The dynamic characteristics of the self-decoupling MR damper filled with the prepared HP-MRFs were obtained using the servo dynamic testing machine (SDS-300), as seen in Figure 3c. The experiment utilized a sine wave input excitation curve and employed a displacement control approach. The test parameters were as follows: a large displacement of 60 mm at a frequency of 0.1 Hz and a small displacement of 5 mm at frequencies of 0.1 Hz, 1.0 Hz, and 2.5 Hz. For each test condition, current excitations of −2.0 A, −1.0 A, 0 A, 1.0 A, and 2.0 A were employed.

3. Results and Discussion

3.1. Rheological Properties of the HP-MRFs

The correlation between shear stress and magnetic flux density in single-graded HP-MRFs is illustrated in Figure 4. This figure illustrates that at a magnetic flux density of 0.757 T, the shear yield strength of HP-MRF-1 is measured at 81.8 kPa, in contrast to the shear yield strength of HP-MRF-8, which is recorded at 45 kPa. As we progress from HP-MRF-1 to HP-MRF-8, there is a noticeable decrease in shear stress, suggesting that the volume of soft magnetic particles diminishes progressively with the reduction in particle size. Magnetic dipole and coupled field model theory [37,38] suggests that the magnetic force between particles diminishes progressively, leading to a gradual reduction in shear stress. Simultaneously, as the magnetic induction intensity gradually increases, all HP-MRF samples approach magnetic saturation at 0.5 T. This suggests that when the mass fraction of soft magnetic particles remains constant, the size of the particles has minimal impact on the magnetic saturation of HP-MRFs.
To evaluate the performance of double-graded HP-MRFs against single-graded HP-MRFs, the experimental results of HP-MRF-1, 4, and 10 were chosen for comparative analysis, as illustrated in Figure 5. Table 1 illustrates that the soft magnetic particles in HP-MRF-1 consist of unmilled CIPs, HP-MRF-4 contains CIPs that have undergone 24 h of ball milling, and HP-MRF-10 comprises a mixture of unmilled and 24 h ball-milled CIPs, with unmilled CIPs constituting 90% and 24 h ball-milled CIPs making up 10% of the soft magnetic particles. The shear yield strength of HP-MRF-10 is 99.6 kPa, exceeding that of HP-MRF-1 and HP-MRF-4 by 17.8 kPa and 31.3 kPa, respectively.
Figure 6a illustrates the variation in particle sizes of the sub-micron particles across the HP-MRF-9, 10, and 11 samples, which were subjected to ball milling for durations of 12 h, 24 h, and 60 h, respectively. All other conditions remain the same. The shear yield strengths observed for the HP-MRF-9, HP-MRF-10, and HP-MRF-11 samples were recorded at 92.5 kPa, 99.6 kPa, and 74.1 kPa, respectively.
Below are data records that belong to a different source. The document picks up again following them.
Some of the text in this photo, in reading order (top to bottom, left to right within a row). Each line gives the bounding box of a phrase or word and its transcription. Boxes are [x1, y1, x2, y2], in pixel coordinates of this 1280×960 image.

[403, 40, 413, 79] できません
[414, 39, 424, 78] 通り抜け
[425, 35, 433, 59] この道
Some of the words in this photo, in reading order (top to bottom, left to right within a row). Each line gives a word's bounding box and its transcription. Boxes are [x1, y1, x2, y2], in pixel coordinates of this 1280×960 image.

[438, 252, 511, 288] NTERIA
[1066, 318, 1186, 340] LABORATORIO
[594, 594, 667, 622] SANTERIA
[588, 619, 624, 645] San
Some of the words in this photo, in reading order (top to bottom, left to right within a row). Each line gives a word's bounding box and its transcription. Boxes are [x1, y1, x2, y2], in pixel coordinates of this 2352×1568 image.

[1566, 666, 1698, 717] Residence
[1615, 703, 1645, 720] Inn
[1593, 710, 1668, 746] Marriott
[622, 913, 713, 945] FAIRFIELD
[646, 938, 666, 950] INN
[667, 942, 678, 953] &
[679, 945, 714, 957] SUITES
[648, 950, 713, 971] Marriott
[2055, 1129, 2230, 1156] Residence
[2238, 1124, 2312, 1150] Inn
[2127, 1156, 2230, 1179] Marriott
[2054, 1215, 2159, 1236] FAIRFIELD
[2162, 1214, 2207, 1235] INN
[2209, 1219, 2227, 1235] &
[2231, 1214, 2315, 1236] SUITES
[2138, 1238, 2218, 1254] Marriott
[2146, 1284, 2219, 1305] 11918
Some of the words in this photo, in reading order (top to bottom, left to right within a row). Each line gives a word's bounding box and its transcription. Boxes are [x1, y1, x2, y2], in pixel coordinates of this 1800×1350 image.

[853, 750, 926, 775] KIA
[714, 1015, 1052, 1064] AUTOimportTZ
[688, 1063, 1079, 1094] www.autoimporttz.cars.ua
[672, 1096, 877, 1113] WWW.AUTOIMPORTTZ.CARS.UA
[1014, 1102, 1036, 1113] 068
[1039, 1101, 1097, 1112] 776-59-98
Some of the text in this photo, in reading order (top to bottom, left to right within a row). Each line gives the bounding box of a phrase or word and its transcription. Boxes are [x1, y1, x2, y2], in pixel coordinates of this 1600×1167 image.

The figure illustrates that HP-MRF-10, which underwent 24 h of ball milling with soft magnetic particles, exhibits the most favorable MR effect. In contrast, HP-MRF-11, subjected to 60 h of ball milling, demonstrates the least effective MR response, with its shear stress falling below that of the single-graded HP-MRF-1 that did not undergo ball milling. The particle size in HP-MRF-11 measures just 360 nm, indicating a further reduction in the average size of the particles. The shear stress displays a reduction. Consequently, the particle size of the sub-micron particles in the double-graded HP-MRFs should be optimized to significantly enhance their shear stress. Figure 6b illustrates that the sub-micron soft magnetic particles in the HP-MRF-10 and 12 samples exhibit identical particle sizes, as both had undergone ball milling for 24 h; however, their respective contents differ, being 10% and 8%, respectively. The shear yield strength of HP-MRF-12, containing a reduced amount of sub-micron soft magnetic particles, is measured at 97.5 kPa. Nonetheless, the content must not be excessively high, as an increase in content will lead to a further reduction in the average particle size, subsequently decreasing the shear stress. Consequently, in the double-graded HP-MRFs, the concentration of sub-micron particles must also be kept at a moderate level. At present, the shear yield strength of the major commercial MRFs is concentrated within the range of 50–70 kPa; among these, LORD products have a shear yield strength of approximately 50–60 kPa [39]. In comparison with the MRFs available on the market, the shear performance of the prepared HP-MRFs is enhanced, but their temperature and sedimentation stability will be further investigated and verified in the next stage.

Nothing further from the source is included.